The trial of an Indianapolis man charged with the 2020 murder of a Gary man began Monday with prosecutors previewing the evidence in the case and the defense attorney asking the jury to pay attention to what evidence isn’t presented.

Joseph T. Durden was charged in March 2022 with the July 19, 2020 murder of Keith Daniel, 29, of Gary. On that day, shots rang out in the 600 block of Maryland Street before a car sped away, said Lake County Prosecutor’s Office attorney Michelle Jatkiewicz.

“As the smoke cleared,” Jatkiewicz said, Daniel was lying in the street injured. Daniel was transported to Methodist Hospital in Gary where he was pronounced dead of multiple gunshot wounds, according to court documents.

Daniel was shot in the back multiple times and once in the back of the hand, Jatkiewicz said. Police collected eight casings at the scene, and all the casings were found to have come from one weapon, she said.

Police were called at 9 p.m. in July 2020 to the 1800 block of Connecticut Street, where they found a 2001 Oldsmobile Alero riddled with bullet holes, according to court records.

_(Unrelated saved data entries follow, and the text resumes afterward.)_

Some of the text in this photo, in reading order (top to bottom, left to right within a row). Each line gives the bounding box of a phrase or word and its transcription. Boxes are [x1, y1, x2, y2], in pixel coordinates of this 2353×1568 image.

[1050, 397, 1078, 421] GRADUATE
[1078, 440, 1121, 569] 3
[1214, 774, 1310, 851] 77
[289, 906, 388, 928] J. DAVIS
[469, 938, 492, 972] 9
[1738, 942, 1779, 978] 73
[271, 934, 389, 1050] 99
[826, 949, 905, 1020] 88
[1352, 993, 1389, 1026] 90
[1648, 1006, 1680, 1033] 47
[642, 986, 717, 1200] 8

The car was traced to Durden. A shell casing found there matched the ones extracted from Daniel, documents show.

An officer who arrived on scene reported that he noticed something in the road that looked like a “french fry with ketchup on it,” Jatkiewicz said. The officer told evidence technicians to collect the item, which later turned out to be a part of the seat cushion from the car located in the 1800 block of Connecticut, she said.

Jatkiewicz said Durden’s name came up in the early hours of the investigation based on the testimony from a woman who lives on the block where the shooting took place. Police also obtained video from the scene, Jatkiewicz said, that shows Durden and Daniel.

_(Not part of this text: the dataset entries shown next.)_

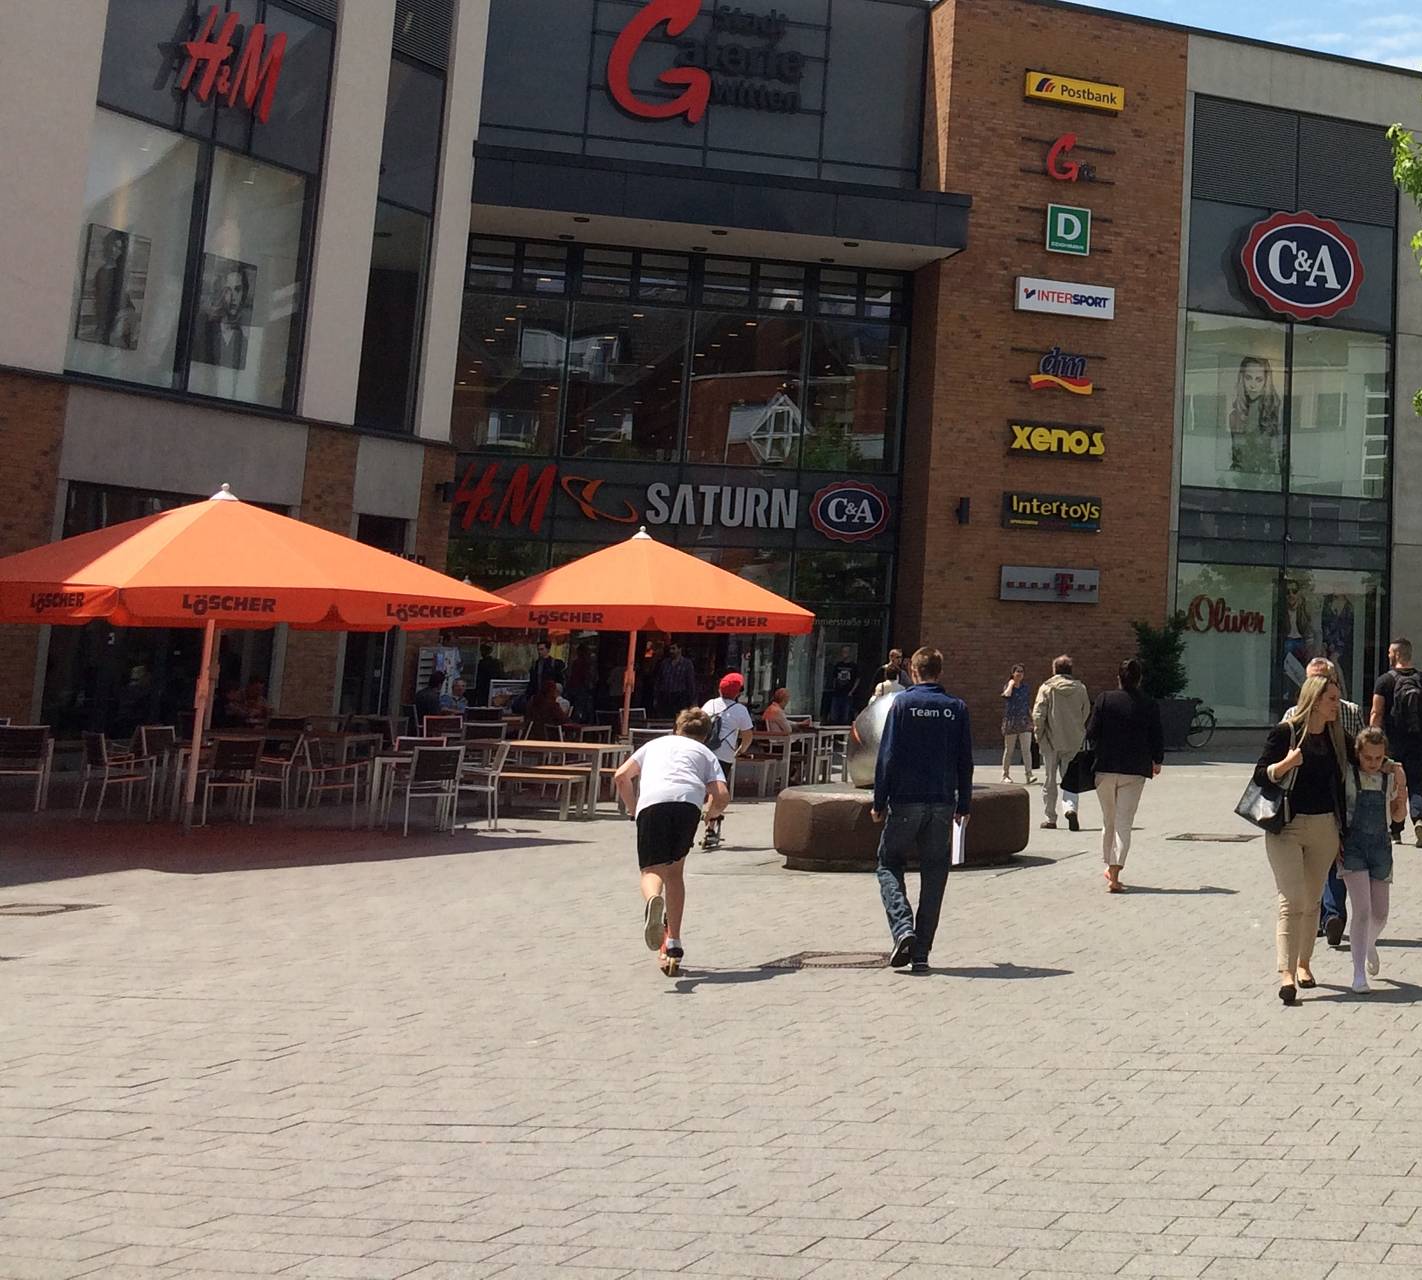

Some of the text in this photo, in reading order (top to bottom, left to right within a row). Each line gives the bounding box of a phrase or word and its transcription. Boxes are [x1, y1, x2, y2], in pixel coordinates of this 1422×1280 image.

[180, 5, 288, 124] H&M
[1060, 84, 1118, 105] Postbank
[1268, 239, 1341, 289] C&A
[1037, 289, 1111, 309] INTERSPORT
[1040, 346, 1088, 379] dm
[1011, 425, 1106, 456] xenos
[451, 463, 558, 535] H&M
[645, 482, 799, 529] SATURN
[827, 497, 876, 525] C&A
[1011, 495, 1101, 522] Intertoys
[182, 593, 277, 616] LÖSCHER
[528, 611, 604, 625] LÖSCHER
[697, 615, 768, 631] LÖSCHER
[910, 707, 940, 718] Team

John Cantrell, Durden’s attorney, said the jury should pay attention to what evidence is and isn’t presented. The prosecution’s case, Cantrell said, boils down to two people were in a vehicle and one of them died, so the other person committed the murder.

“They don’t have evidence,” Cantrell said. “They have a bunch of bits and pieces.”

Cantrell said the case is tragic because it resulted in Daniel dying.

“It’s sad, and I’m sorry that that happened,” Cantrell said.

The prosecution can’t prove that Durden and Daniel were in the car together because there’s “no time stamp on DNA.”

Cantrell said what prosecutors didn’t state in opening statements was that a third piece of DNA was found at the scene of an unidentified person, and he raised questions about who that person could be.

“The evidence they have to bring to prove he did this doesn’t exist,” Cantrell said.